Another portion of the autopsy report states:
Les lésions odontostomatologiques constatées, en particulier l'exarticulation fraîche de l'incisive inférieure à gauche, en l'absence de contusion des lèvres, nécessite impérativement de pouvoir accéder aux rapport établis par les autorités américaines.

Dentistry lesions are detected, especially fresh exarticulation [loss] of the lower left incisor, in the absence of any bruising of the lips, one imperatively needs to have access to reports by American authorities [wondering, as a later sentence elaborates, if the tooth's loss was due to trauma during attempts to resusciate the body].
In other words, Mangin went to some lengths to spell out problems with any medical or legal conclusions from the autopsy, including the inability to even make toxicological sampling on some portions of the body and its fluids. More than once he reiterates the necessity of more information or items from the U.S. authorities. In the end, the autopsy mainly rules out other forms of death besides mechanical asphyxiation, which could have been caused by hanging, or frankly, from the rags found in each of the mouths and/or throats of the deceased (a fact that was covered up in DoD's report, but can be readily accessed by reading the CITF recorded statements by medical personnel at Guantanamo -- large PDF), or some other cause. One such cause would be strangulation, but lacking the neck's hyoid bone, withheld from the independent autopsy, the crucial forensic determinations could not be made.
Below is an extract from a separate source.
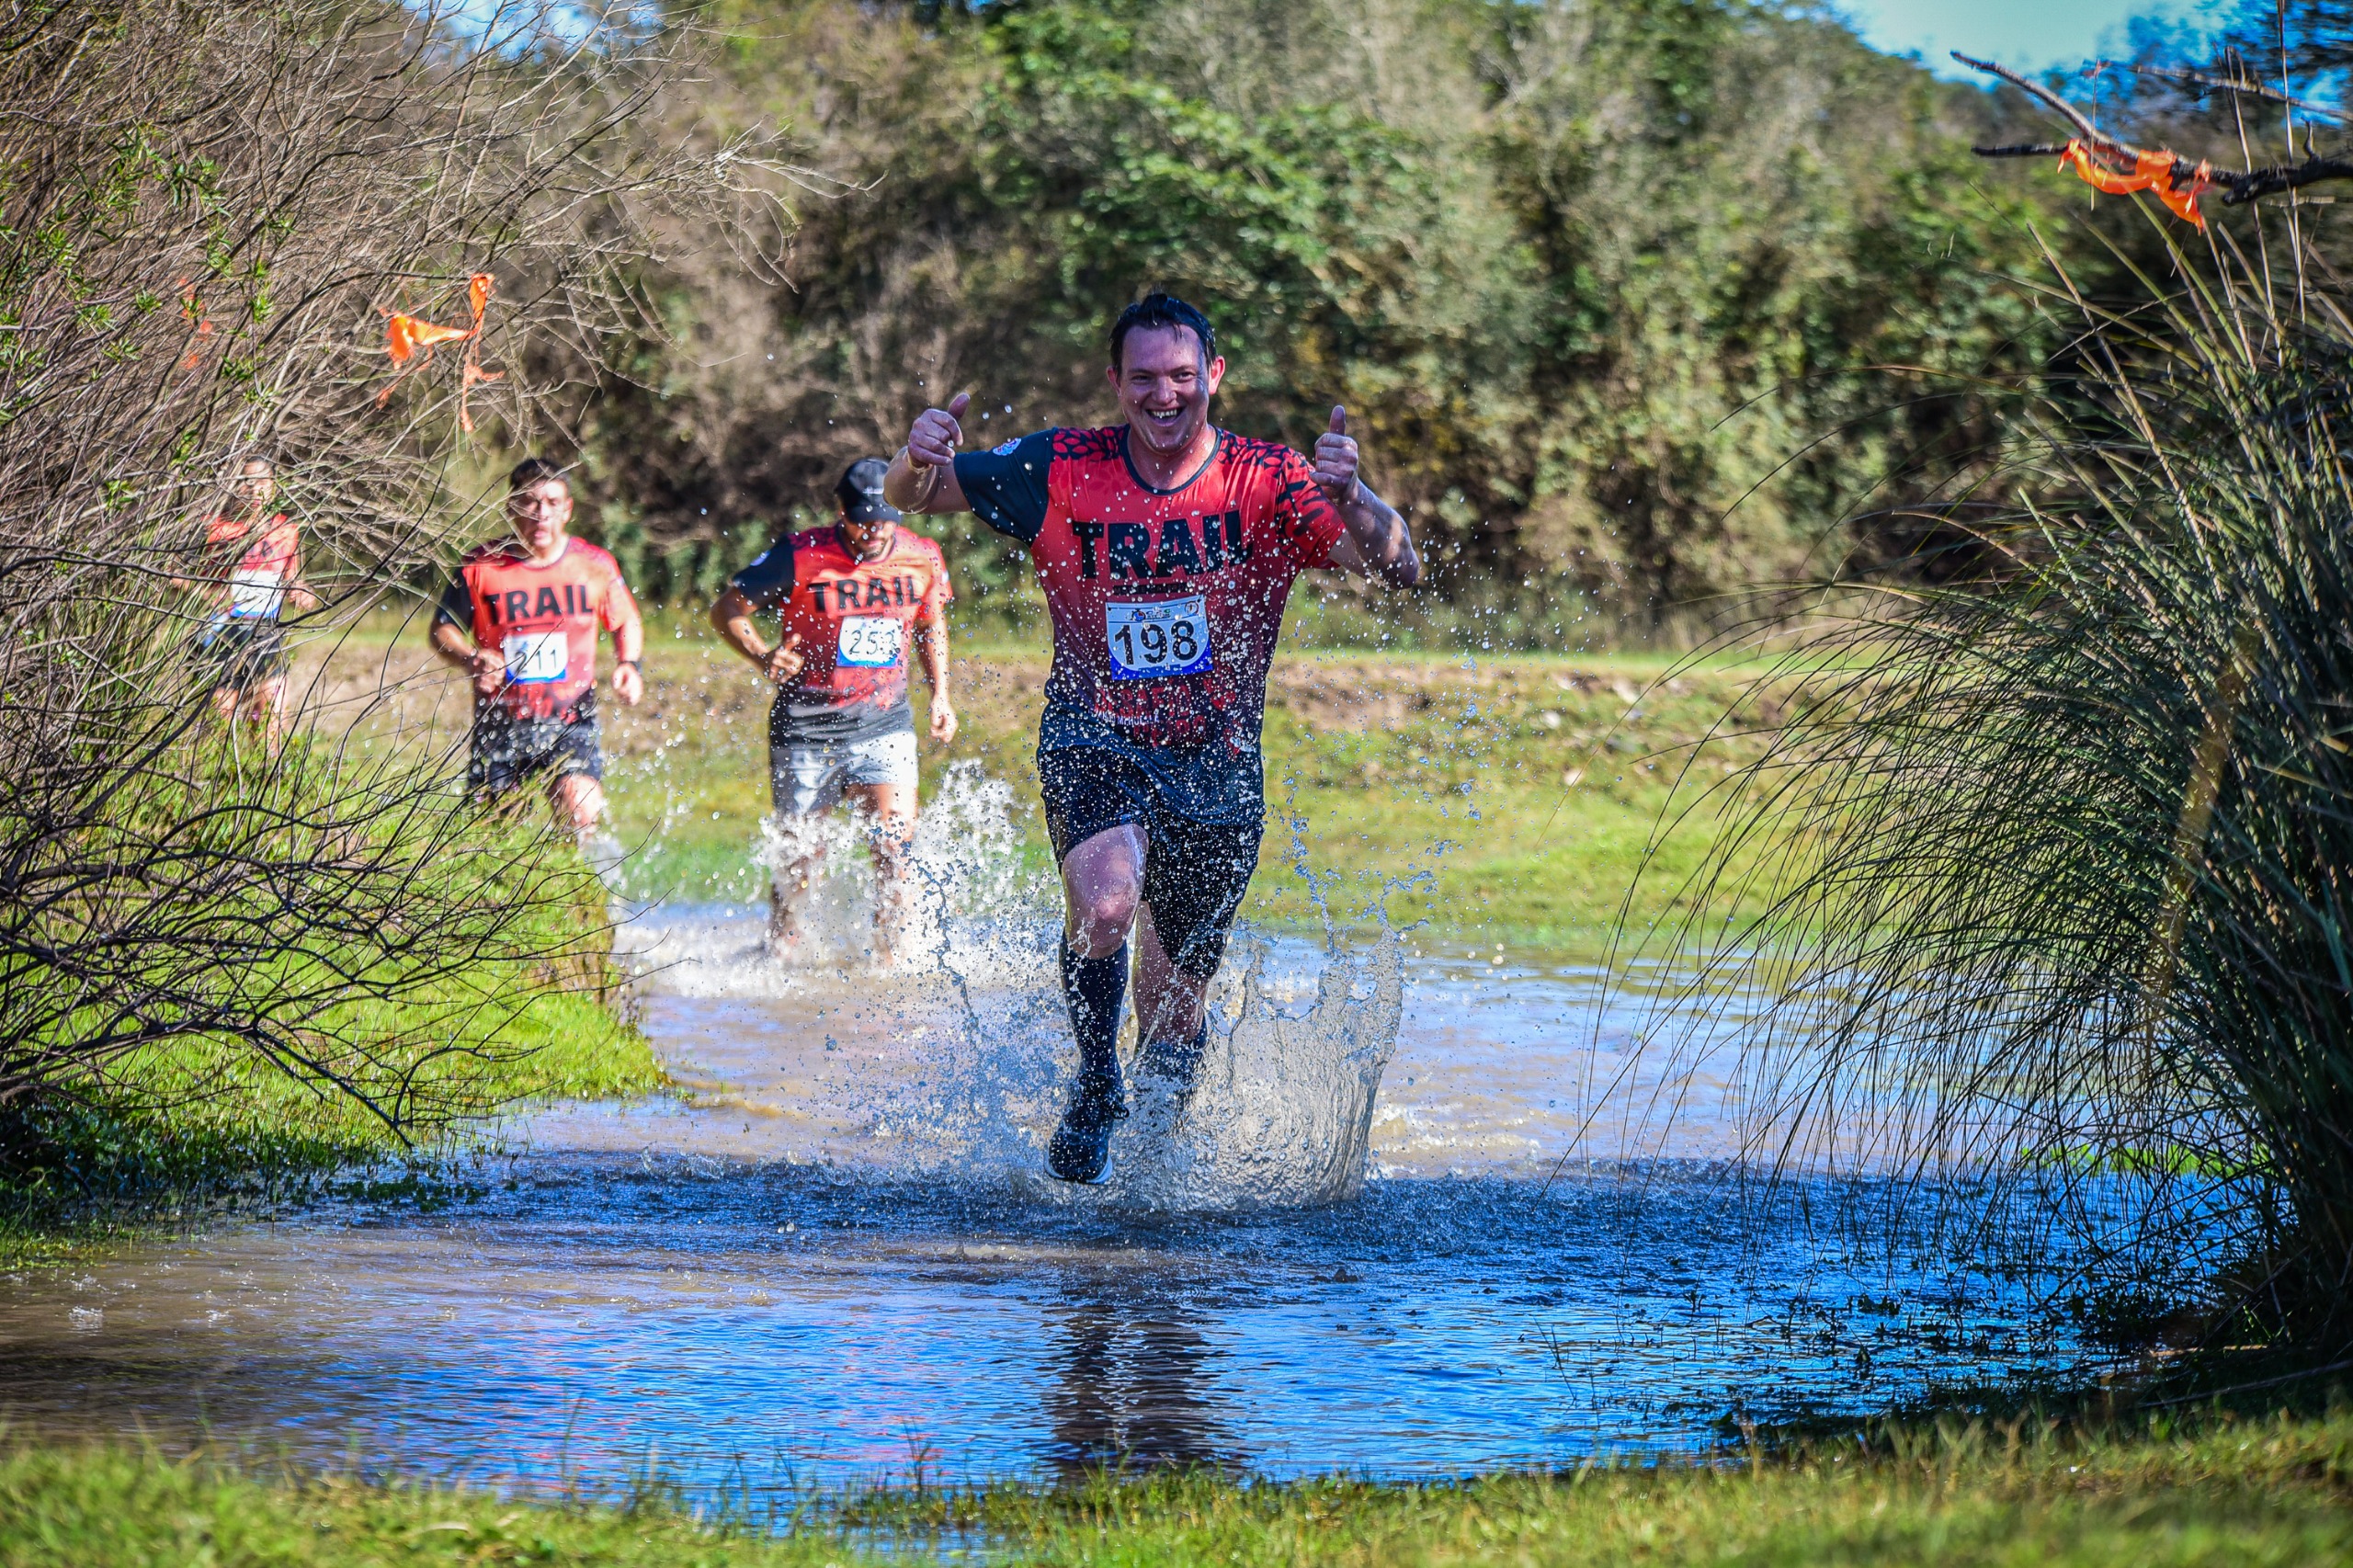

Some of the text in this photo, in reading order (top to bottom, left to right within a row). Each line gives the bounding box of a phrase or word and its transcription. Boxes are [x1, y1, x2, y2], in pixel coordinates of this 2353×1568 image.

This is very different from what Koppelman declared, and which has been picked up and spread all over the Internet like a virulent virus. Still, Koppelman was joining a quite large gaggle of neo-con bloggers and supposedly liberal apostates, like Mark Benjamin.

One of the more purple descriptions of incredulity was made by Benjamin Wittes, who blogged after Harper's and Horton won the magazine award, "The Harpers story is nothing more than a set of wholly unfounded accusations of murder and conspiracy directed against our men and women in uniform dressed up as investigative journalism." He followed this thundering pronouncement with a full reposting of Cully Stimson's own blog post on "Horton's delusional article." (Stimson was former deputy assistant secretary of defense for detainee affairs at the time of the prisoners' deaths, a fact that does not cause Wittes to pause a second for possible examination of bias.)

Wittes, Koppelman and a host of others, have chosen to do the bidding of the Department of Defense for reasons of their own. Truth is the victim, and truth-seekers are vilified. That's the way it is in 21st Century Obama's America.

Cross-posted at Firedoglake/MyFDL

1 comment:

Therese said...

This gives are very complete and insightful review of the latest attempts at a cover up. What a disgrace it is. A full public enquiry is needed into the Gautamano "suicides."